3. Ermenistan’da 1977.de elektrik üretimine başlayan ve 1988.de meydana gelen deprem sonucunda güvenlik nedeni ile faaliyetleri durdurulan Metsamor Nükleer Santrali 1995.de yeniden kullanıma açılmıştır. Avrupa Birliği ve Uluslararası Atom Enerji Ajansının santralin kapatılması yönündeki taleplerini sürekli geri çeviren Ermenistan hükümeti, bölge devletleri için büyük tehlike oluşturan santrali çalıştırmakta israr etmektedir. Mevcut eski sovyet nukleer santral teknolojilerinin en eskileri ile inşa edilen Metsamor santrali teknik yetersizliklerinin yanı sıra birinci dereceli deprem bölgesinde olması sebebiyle de tehlike arz etmektedir.

Metsamor Nükleer Santrali atıkları Aras çayına akıtılmakta, bu radyoaktif sular Kura nehri ile birleşerek Azerbayca’ın başkenti Bakü çevresinde içme suyu olarak kullanılmaktadır. Ermenistan gerekli tedbirleri almadığı için kınanmalı ve ayrıca nükleer santralın derhal kapatılması ve alternatif enerji kaynaklarının kullanıma sokulması gerekmektedir.

4. Karadeniz günümüzde trafiği artan ve tüm dünyanın kullandığı bir su yolu konumundadır. Kıyı ülkelerinin Karadeniz’in yaşadığı çevre sorunları konusunda organize olmamaları, tüm dunyanın radyoaktif atıklarının kimyasal ve zehirli çöplerinin Karadeniz’e dökülmesine sebep olmaktadır. Tüm bu etkenlerin yanısıra kontrolsüzce, sorunsuzca, aşırı avlanma ve deniz kirliliği sonucu Karadeniz’in doğal dengesi büyük ölçüde zarar görmektedir. Karadeniz’de yaşanan olumsuz durum önlenmediği takdirde, bölge ülkeleri için geri dönülmez sonuclar doğurması kaçınılmaz olacaktır.

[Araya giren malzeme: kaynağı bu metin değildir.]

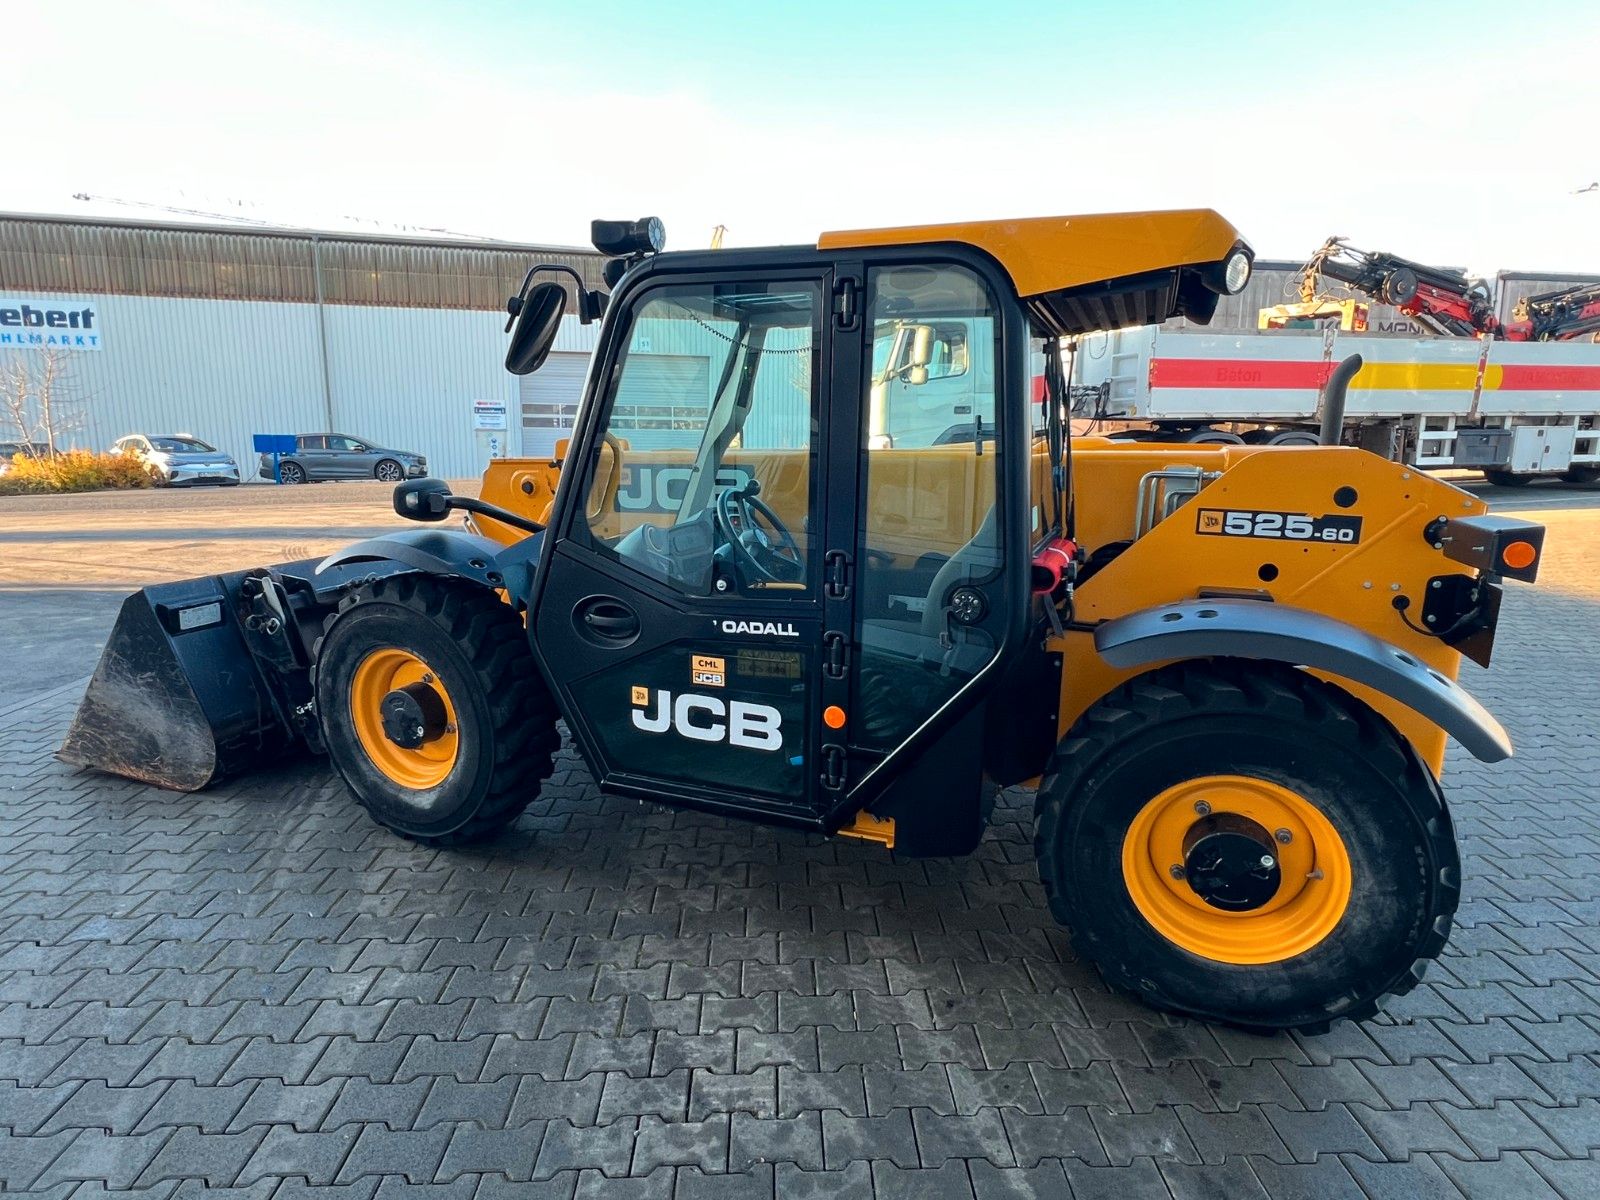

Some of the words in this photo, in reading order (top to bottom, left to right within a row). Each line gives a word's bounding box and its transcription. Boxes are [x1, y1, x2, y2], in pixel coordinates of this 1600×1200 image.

[0, 333, 98, 345] HLMARKT
[713, 620, 800, 637] OADALL
[698, 659, 719, 669] CML
[694, 671, 723, 684] JCB
[631, 689, 784, 751] JCB

5. Çin Halk Cumhuriyeti’nin Doğu Türkistan’da 1996’da durdurmuş olduğu nükleer ve kimyasal denemeler bölgenin ekolojik dengesini bozmuş ve burada ölümle sonuçlanan ciddi sağlık problemlerini ortaya çıkarmıştır. Çin Halk Cumhuriyeti, bütün bu denemeleri kasıtlı olarak Türk halklarının yaşadığı bölgelerde yaptığı için kınanmalı, nükleer ve kimyasal denemelerin yol açtığı tahriplerin düzeltilmesi için faaliyetsizliğine son vermelidir.

6. Rusya Federasyonu Hakas Cumhuriyeti’nde 1985.ten beri faaliyet gösteren Sayanogorsk Aliminyum Fabrikası büyük çevre ve demografik sorunlara yol açmaktadır. Bu politikanın devamı olarak fabrikanın üretim kapasitesini arttırmak amacı ile yeni bir tesisin açılması bölgedeki durumun ağırlaşmasına neden olacaktır. Yeni inşaatın zamanında durdurulması ve halen üretime devam eden fabrikanın kapatılması bölgenin ekolojik güvenliği yönünden büyük önem taşımaktadır.

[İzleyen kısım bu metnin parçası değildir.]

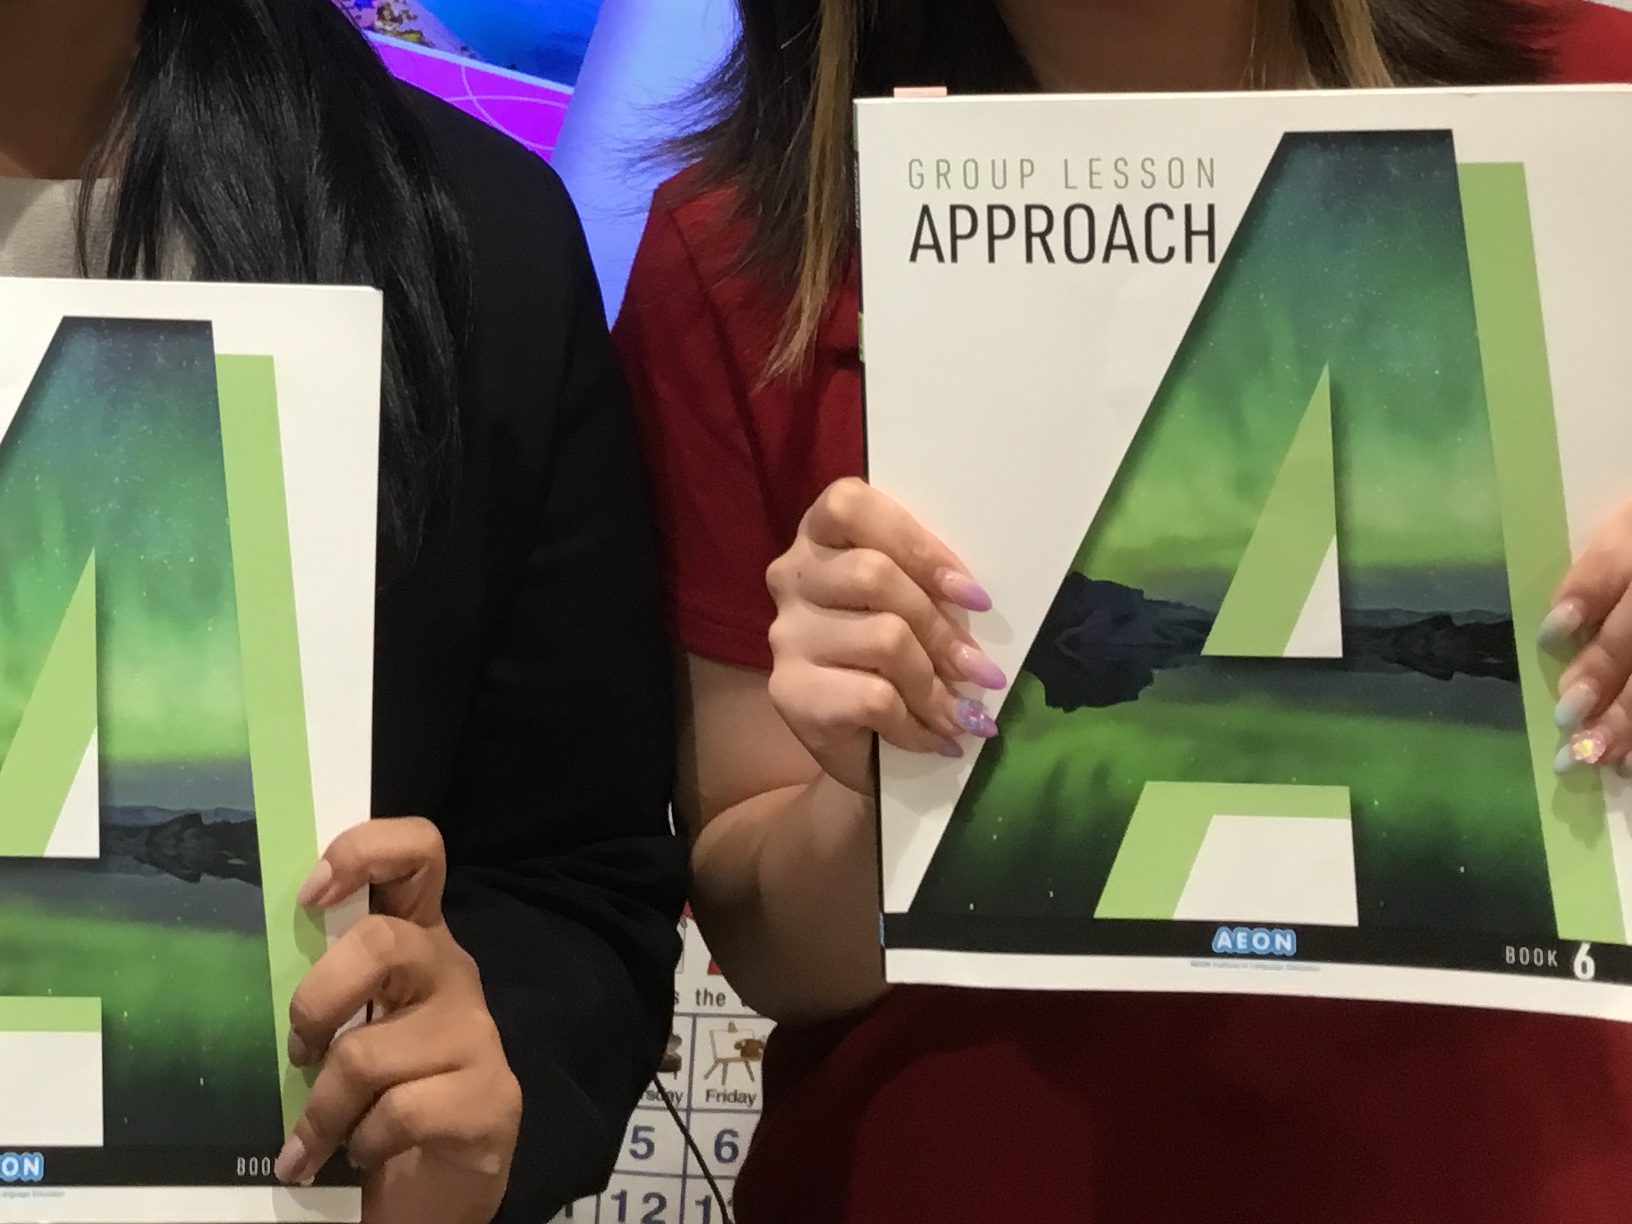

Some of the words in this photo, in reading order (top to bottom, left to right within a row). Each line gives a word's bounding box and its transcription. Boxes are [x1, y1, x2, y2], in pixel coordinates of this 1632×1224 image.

[908, 157, 1035, 190] GROUP
[1063, 156, 1215, 190] LESSON
[909, 202, 1216, 264] APPROACH
[1214, 928, 1295, 954] AEON
[1505, 945, 1558, 967] BOOK
[1573, 941, 1596, 980] 6
[695, 988, 727, 1007] the
[705, 1088, 757, 1108] Friday
[629, 1125, 656, 1160] 5
[714, 1128, 739, 1164] 6
[237, 1156, 276, 1176] BOO
[611, 1189, 668, 1224] 12

7. Öncelikle Türk Dünyası’nı ilgilendiren ve yukarıda belli başlıları ele alınan ekolojik sorunların takibi için her türlü çevresel bilginin toplandığı bir bilgi bankası oluşturmak hem kat edilen mesafenin takibi hemde genel bir hafizanin olusturulmasi açısından önem taşımaktadır. Bu amaca hizmet eden bir Internet sitesinin oluşturulması gerekmektedir.

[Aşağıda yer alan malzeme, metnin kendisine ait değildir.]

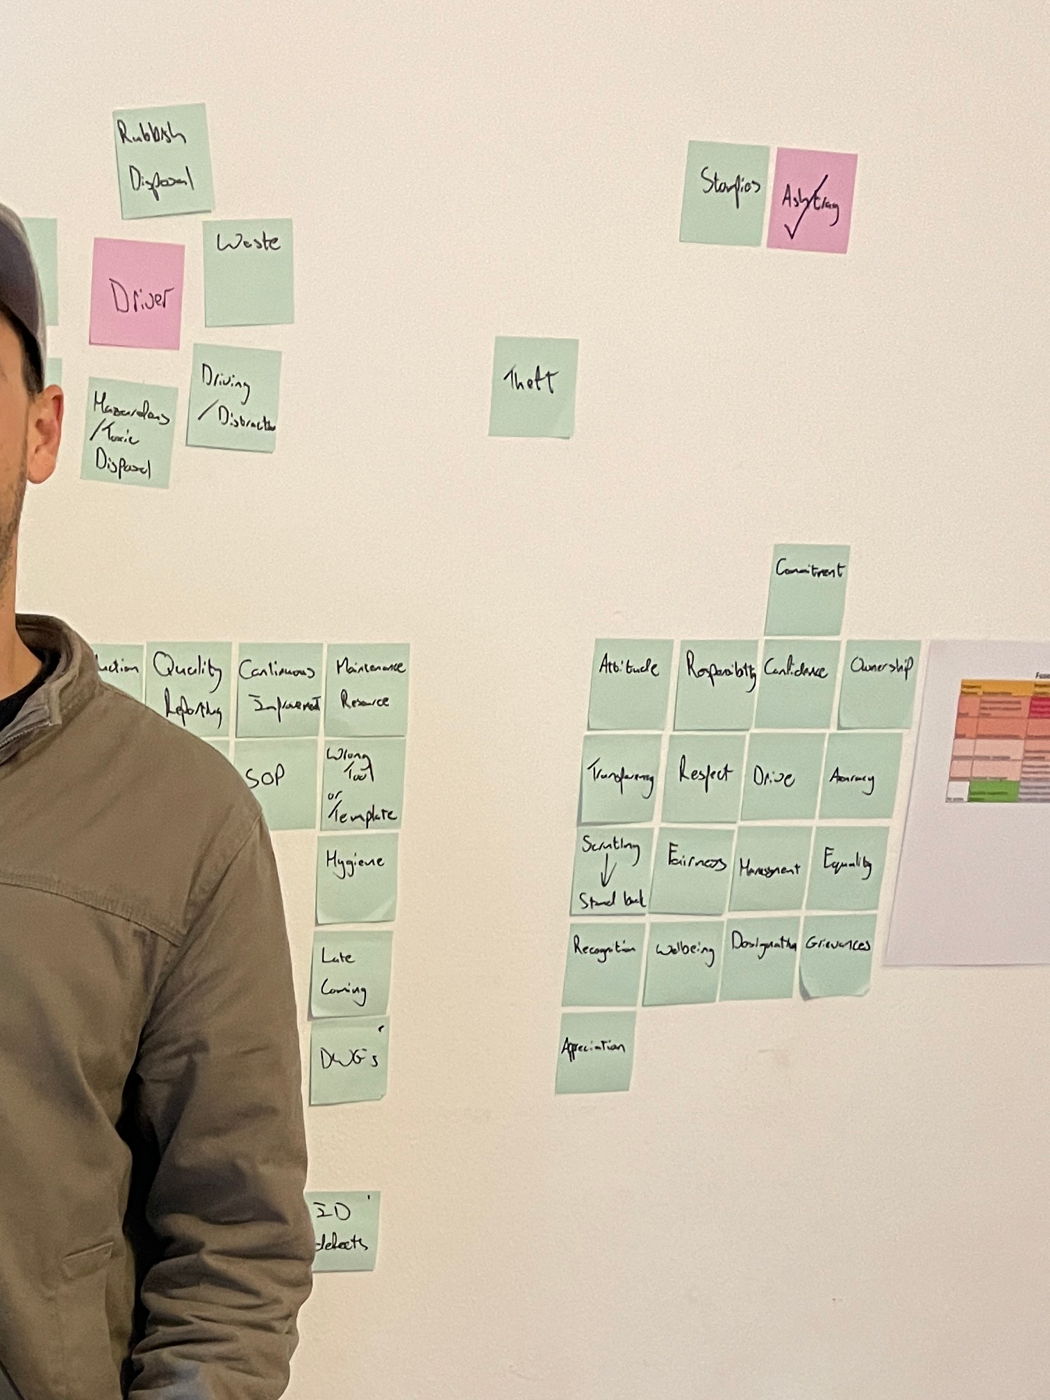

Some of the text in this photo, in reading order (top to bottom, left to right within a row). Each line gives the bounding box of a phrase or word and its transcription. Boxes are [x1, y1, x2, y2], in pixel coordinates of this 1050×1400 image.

[116, 119, 187, 145] Rubbish
[129, 164, 195, 202] Disposal
[216, 230, 281, 252] Waste
[109, 278, 175, 314] Driver
[202, 362, 251, 405] Driving
[503, 364, 560, 394] Theft
[95, 446, 151, 480] Disposal
[153, 650, 223, 693] Quality
[238, 658, 317, 681] Continuous
[336, 656, 408, 675] Maintenance
[598, 652, 660, 678] Attitude
[849, 655, 915, 682] Ownership
[245, 762, 286, 790] SOP
[678, 753, 735, 794] Respect
[753, 764, 796, 787] Drive
[326, 849, 386, 881] Hygiene
[667, 841, 728, 873] Fairness
[579, 889, 617, 910] Stand
[321, 946, 356, 964] Late
[573, 934, 637, 964] Recognition
[805, 935, 872, 953] Grievances
[320, 977, 368, 1008] Coming

8. Ekoloji komisyonunun iletişim dili Turkçe’dir.

Öneriler :
A) Kırgızistan Cumhuriyeti’ndeki Issık–Kul Gğlü civarında iki nükleer artık bölgesi çevreye ve halkın sağlık durumuna zarar vermektedir. Aynı bölgede radiasyon düzeyinin normalleri bir kaç yüz defa katlaması göz altına alınarak gerekli tedbirlerin alınmasına ihtiyaç duyulmaktadır.

B) Rusya Federasyonu Ural bölgesindeki Çelyobinsk vilayetinde 1950 senelerden yapılan nükleer denemeler yerli başkurt halkı üzerinde olumsuz etkilerini sürdürmektedir. Çelyobinsk şehrinin dünyanın en tehlikeli bölgeleri sırasına ait olunmallı ve bu denemelerin doğurduğu sonuçlar enkısa sürede aradan kaldırılrmlıdır.